EXERCISE DESCRIPTION —
Can you quote the lines below exactly, starting at the line with "this 1920×1155 image." and going through the last one?
*** PROVIDED DATA ***
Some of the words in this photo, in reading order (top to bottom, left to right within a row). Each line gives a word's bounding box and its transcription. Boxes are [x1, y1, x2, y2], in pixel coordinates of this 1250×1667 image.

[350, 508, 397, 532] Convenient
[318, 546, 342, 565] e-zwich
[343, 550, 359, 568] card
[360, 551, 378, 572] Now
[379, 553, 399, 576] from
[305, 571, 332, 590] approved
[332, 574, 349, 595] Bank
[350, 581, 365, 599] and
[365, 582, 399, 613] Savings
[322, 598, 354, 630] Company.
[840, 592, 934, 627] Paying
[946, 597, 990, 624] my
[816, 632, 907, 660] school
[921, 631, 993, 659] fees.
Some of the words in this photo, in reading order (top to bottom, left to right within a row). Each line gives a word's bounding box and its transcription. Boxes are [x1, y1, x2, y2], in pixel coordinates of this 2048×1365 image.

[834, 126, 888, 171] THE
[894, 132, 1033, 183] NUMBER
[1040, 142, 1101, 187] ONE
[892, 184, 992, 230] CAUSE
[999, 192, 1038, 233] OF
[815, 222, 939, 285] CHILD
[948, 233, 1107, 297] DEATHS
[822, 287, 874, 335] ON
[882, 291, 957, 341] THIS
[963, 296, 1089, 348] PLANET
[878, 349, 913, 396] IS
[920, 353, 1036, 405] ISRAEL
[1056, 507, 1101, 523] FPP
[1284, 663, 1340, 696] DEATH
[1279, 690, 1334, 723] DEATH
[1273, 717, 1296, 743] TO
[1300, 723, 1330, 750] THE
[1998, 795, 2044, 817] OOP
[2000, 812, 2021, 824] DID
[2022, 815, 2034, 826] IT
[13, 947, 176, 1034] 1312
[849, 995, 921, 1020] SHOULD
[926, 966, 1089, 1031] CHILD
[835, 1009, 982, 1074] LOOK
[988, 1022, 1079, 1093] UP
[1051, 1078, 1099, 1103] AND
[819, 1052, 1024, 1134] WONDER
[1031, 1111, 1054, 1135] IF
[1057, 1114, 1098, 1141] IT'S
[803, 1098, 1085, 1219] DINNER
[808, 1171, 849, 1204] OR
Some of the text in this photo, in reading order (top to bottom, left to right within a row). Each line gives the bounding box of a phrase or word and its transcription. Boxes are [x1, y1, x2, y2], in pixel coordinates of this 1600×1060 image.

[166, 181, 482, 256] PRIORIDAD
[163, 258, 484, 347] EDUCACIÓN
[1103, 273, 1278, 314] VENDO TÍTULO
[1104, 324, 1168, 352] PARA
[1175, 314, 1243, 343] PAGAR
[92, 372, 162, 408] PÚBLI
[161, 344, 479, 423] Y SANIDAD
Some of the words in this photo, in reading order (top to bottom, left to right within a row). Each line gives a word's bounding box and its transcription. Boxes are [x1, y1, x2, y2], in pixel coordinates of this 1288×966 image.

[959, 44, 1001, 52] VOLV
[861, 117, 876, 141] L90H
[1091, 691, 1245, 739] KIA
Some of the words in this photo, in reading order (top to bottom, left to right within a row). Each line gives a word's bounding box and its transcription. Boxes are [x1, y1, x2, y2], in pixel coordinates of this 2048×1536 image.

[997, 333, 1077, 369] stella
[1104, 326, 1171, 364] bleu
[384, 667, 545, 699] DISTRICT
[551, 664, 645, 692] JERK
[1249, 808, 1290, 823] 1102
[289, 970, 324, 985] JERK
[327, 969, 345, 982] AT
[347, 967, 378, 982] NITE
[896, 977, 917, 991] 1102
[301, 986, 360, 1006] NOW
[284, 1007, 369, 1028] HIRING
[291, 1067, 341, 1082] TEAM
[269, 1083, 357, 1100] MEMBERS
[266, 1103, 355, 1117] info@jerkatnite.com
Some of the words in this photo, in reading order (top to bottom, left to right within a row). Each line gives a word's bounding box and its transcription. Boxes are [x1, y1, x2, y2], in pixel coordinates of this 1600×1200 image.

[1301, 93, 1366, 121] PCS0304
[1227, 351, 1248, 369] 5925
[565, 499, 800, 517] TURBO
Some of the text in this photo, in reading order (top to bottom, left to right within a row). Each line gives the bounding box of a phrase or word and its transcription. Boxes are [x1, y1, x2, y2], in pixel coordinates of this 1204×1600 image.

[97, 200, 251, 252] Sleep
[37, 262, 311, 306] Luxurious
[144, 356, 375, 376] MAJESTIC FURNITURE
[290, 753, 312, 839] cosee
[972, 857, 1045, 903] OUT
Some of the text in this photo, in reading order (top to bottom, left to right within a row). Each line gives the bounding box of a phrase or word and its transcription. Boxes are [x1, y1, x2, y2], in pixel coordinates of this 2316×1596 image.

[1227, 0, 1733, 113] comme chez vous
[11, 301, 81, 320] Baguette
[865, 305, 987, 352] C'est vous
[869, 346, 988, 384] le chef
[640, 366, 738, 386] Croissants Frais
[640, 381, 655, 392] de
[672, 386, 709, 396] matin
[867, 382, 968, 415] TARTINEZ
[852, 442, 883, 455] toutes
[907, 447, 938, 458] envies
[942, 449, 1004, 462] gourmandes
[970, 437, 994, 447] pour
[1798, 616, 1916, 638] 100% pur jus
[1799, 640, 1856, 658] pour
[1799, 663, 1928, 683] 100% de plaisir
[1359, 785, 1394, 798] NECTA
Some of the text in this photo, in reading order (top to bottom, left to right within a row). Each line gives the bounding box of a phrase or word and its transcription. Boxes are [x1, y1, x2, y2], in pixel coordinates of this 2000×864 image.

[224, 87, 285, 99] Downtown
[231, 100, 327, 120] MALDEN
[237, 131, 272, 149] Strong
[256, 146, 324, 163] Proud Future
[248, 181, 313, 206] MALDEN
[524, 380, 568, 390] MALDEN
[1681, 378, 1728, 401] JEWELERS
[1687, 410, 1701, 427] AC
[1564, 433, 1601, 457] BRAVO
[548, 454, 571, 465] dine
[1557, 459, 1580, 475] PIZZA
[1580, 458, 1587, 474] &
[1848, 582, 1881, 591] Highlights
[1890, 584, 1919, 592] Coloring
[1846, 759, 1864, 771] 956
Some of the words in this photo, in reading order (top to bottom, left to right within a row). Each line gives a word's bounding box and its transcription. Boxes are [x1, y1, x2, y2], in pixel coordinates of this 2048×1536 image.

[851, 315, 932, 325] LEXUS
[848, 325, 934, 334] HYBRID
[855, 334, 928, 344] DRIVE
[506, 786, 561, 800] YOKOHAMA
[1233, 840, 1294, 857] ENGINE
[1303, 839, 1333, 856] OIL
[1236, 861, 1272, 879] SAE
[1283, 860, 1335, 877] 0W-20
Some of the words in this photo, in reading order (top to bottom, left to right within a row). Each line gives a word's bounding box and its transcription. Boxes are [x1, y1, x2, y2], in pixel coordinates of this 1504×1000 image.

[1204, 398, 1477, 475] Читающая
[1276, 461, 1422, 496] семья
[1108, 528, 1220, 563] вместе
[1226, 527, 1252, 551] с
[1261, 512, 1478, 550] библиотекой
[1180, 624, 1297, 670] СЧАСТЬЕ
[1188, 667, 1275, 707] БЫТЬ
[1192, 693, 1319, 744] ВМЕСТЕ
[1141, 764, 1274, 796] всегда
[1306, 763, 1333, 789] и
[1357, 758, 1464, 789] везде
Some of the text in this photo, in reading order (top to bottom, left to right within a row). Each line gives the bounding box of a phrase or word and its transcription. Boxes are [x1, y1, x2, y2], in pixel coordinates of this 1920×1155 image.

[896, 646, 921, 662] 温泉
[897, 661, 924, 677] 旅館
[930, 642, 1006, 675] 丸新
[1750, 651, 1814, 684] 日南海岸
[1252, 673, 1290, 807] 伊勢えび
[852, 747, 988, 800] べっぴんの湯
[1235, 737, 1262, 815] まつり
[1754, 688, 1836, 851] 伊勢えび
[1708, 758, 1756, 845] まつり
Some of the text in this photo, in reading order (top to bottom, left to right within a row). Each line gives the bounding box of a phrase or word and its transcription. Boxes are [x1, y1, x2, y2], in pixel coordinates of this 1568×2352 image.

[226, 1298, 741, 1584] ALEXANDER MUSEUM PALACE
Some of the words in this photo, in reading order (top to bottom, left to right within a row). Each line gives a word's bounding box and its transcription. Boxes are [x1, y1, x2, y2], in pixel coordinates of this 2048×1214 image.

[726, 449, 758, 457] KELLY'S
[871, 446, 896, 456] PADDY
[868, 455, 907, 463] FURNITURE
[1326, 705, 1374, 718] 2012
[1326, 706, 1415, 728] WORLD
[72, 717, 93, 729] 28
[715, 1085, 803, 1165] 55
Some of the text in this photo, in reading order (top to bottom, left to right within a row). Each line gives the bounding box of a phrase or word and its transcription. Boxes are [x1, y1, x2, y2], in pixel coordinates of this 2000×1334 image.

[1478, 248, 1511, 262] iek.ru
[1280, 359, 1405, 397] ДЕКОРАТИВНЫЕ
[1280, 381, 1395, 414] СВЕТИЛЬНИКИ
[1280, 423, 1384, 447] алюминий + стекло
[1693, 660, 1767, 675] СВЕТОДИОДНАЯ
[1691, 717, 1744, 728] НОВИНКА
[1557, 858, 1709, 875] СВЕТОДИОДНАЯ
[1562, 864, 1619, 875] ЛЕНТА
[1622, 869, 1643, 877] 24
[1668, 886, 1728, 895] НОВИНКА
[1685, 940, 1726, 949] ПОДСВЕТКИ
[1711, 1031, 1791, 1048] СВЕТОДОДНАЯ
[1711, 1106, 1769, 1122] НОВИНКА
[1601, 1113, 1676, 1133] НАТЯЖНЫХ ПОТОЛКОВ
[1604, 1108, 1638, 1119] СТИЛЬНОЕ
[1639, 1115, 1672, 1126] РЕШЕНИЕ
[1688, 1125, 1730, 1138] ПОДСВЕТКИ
***
RESPONSE BOX —
Some of the text in this photo, in reading order (top to bottom, left to right within a row). Each line gives the bounding box of a phrase or word and its transcription. Boxes are [x1, y1, x2, y2], in pixel coordinates of this 1920×1155 image.

[896, 646, 921, 662] 温泉
[897, 661, 924, 677] 旅館
[930, 642, 1006, 675] 丸新
[1750, 651, 1814, 684] 日南海岸
[1252, 673, 1290, 807] 伊勢えび
[852, 747, 988, 800] べっぴんの湯
[1235, 737, 1262, 815] まつり
[1754, 688, 1836, 851] 伊勢えび
[1708, 758, 1756, 845] まつり
Some of the text in this photo, in reading order (top to bottom, left to right within a row). Each line gives the bounding box of a phrase or word and its transcription. Boxes are [x1, y1, x2, y2], in pixel coordinates of this 1568×2352 image.

[226, 1298, 741, 1584] ALEXANDER MUSEUM PALACE
Some of the words in this photo, in reading order (top to bottom, left to right within a row). Each line gives a word's bounding box and its transcription. Boxes are [x1, y1, x2, y2], in pixel coordinates of this 2048×1214 image.

[726, 449, 758, 457] KELLY'S
[871, 446, 896, 456] PADDY
[868, 455, 907, 463] FURNITURE
[1326, 705, 1374, 718] 2012
[1326, 706, 1415, 728] WORLD
[72, 717, 93, 729] 28
[715, 1085, 803, 1165] 55
Some of the text in this photo, in reading order (top to bottom, left to right within a row). Each line gives the bounding box of a phrase or word and its transcription. Boxes are [x1, y1, x2, y2], in pixel coordinates of this 2000×1334 image.

[1478, 248, 1511, 262] iek.ru
[1280, 359, 1405, 397] ДЕКОРАТИВНЫЕ
[1280, 381, 1395, 414] СВЕТИЛЬНИКИ
[1280, 423, 1384, 447] алюминий + стекло
[1693, 660, 1767, 675] СВЕТОДИОДНАЯ
[1691, 717, 1744, 728] НОВИНКА
[1557, 858, 1709, 875] СВЕТОДИОДНАЯ
[1562, 864, 1619, 875] ЛЕНТА
[1622, 869, 1643, 877] 24
[1668, 886, 1728, 895] НОВИНКА
[1685, 940, 1726, 949] ПОДСВЕТКИ
[1711, 1031, 1791, 1048] СВЕТОДОДНАЯ
[1711, 1106, 1769, 1122] НОВИНКА
[1601, 1113, 1676, 1133] НАТЯЖНЫХ ПОТОЛКОВ
[1604, 1108, 1638, 1119] СТИЛЬНОЕ
[1639, 1115, 1672, 1126] РЕШЕНИЕ
[1688, 1125, 1730, 1138] ПОДСВЕТКИ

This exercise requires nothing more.